> [Problem] Repeat every line of the data exactly; the pictures stay out.

> [Exercise inputs]
++++++

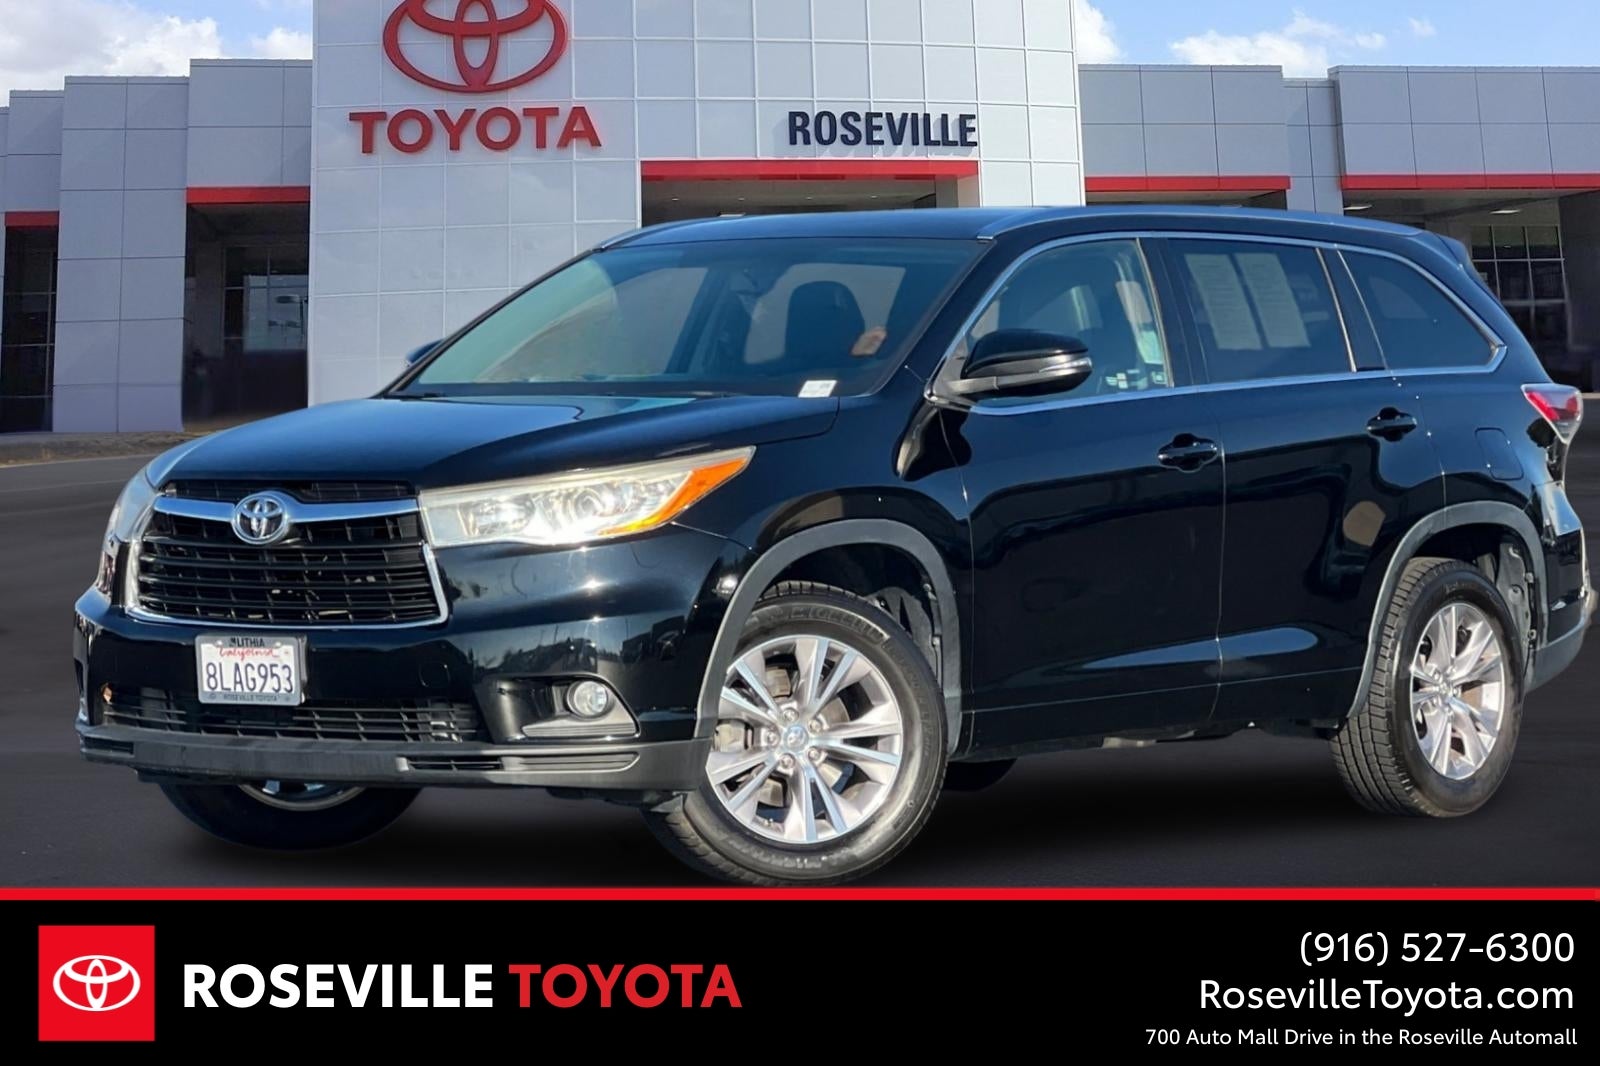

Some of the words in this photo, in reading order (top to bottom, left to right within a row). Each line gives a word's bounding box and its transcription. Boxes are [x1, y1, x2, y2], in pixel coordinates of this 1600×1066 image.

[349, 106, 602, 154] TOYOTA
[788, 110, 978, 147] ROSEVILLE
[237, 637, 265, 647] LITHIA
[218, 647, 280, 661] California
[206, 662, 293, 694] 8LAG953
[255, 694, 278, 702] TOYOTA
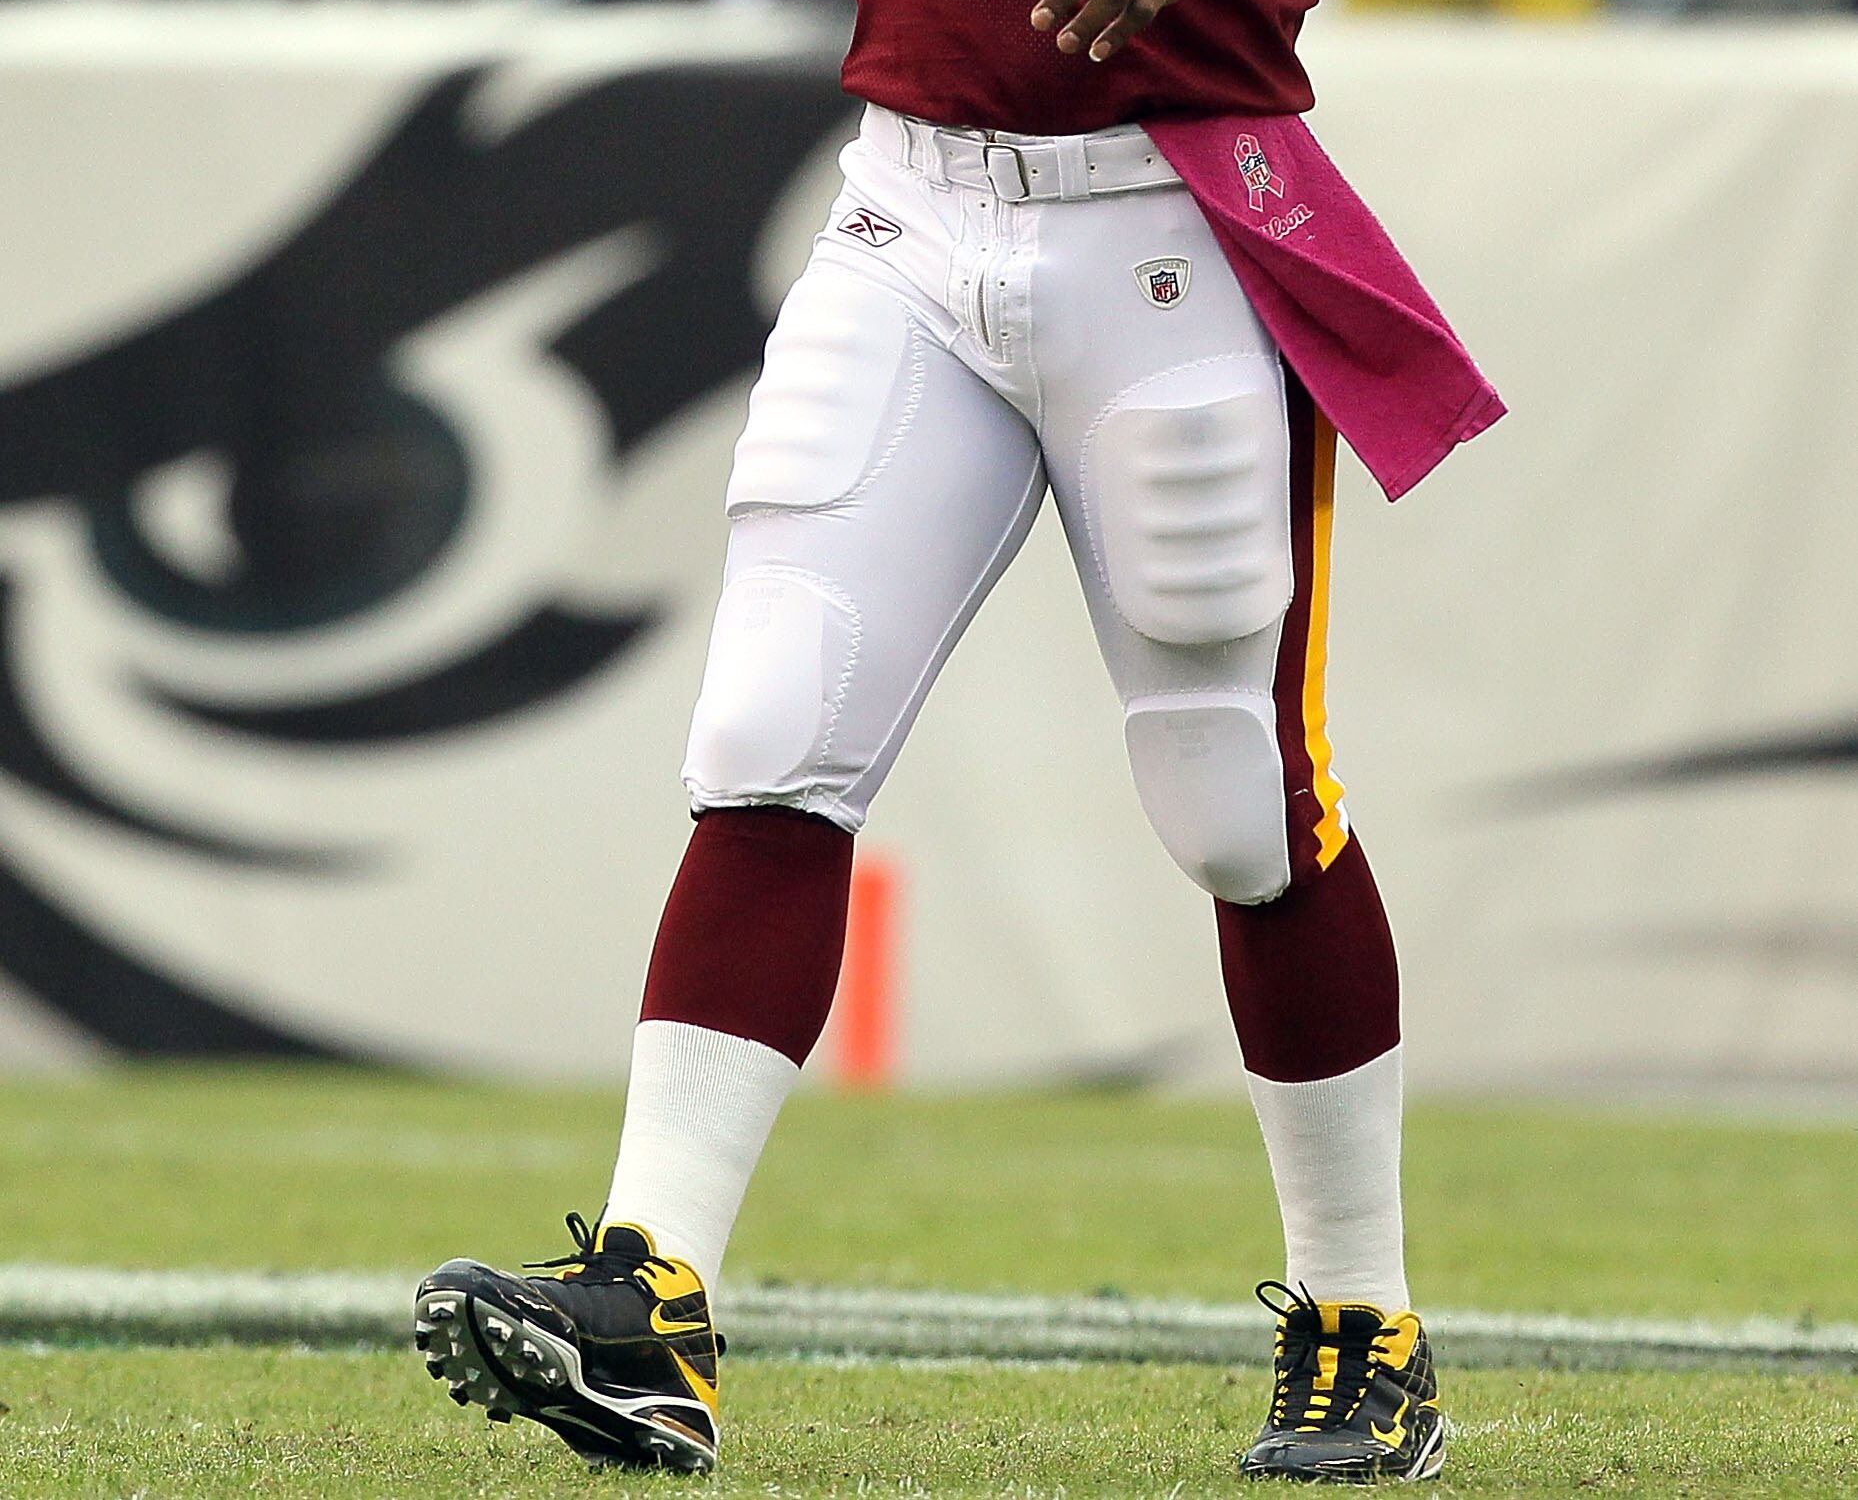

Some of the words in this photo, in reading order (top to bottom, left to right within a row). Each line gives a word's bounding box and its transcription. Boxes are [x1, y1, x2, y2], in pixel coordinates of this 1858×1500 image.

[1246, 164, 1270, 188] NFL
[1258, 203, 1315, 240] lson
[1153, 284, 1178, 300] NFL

++++++

> [Final answer]
Some of the words in this photo, in reading order (top to bottom, left to right within a row). Each line gives a word's bounding box and its transcription. Boxes are [x1, y1, x2, y2], in pixel coordinates of this 1600×1066 image.

[349, 106, 602, 154] TOYOTA
[788, 110, 978, 147] ROSEVILLE
[237, 637, 265, 647] LITHIA
[218, 647, 280, 661] California
[206, 662, 293, 694] 8LAG953
[255, 694, 278, 702] TOYOTA

Some of the words in this photo, in reading order (top to bottom, left to right within a row). Each line gives a word's bounding box and its transcription. Boxes are [x1, y1, x2, y2], in pixel coordinates of this 1858×1500 image.

[1246, 164, 1270, 188] NFL
[1258, 203, 1315, 240] lson
[1153, 284, 1178, 300] NFL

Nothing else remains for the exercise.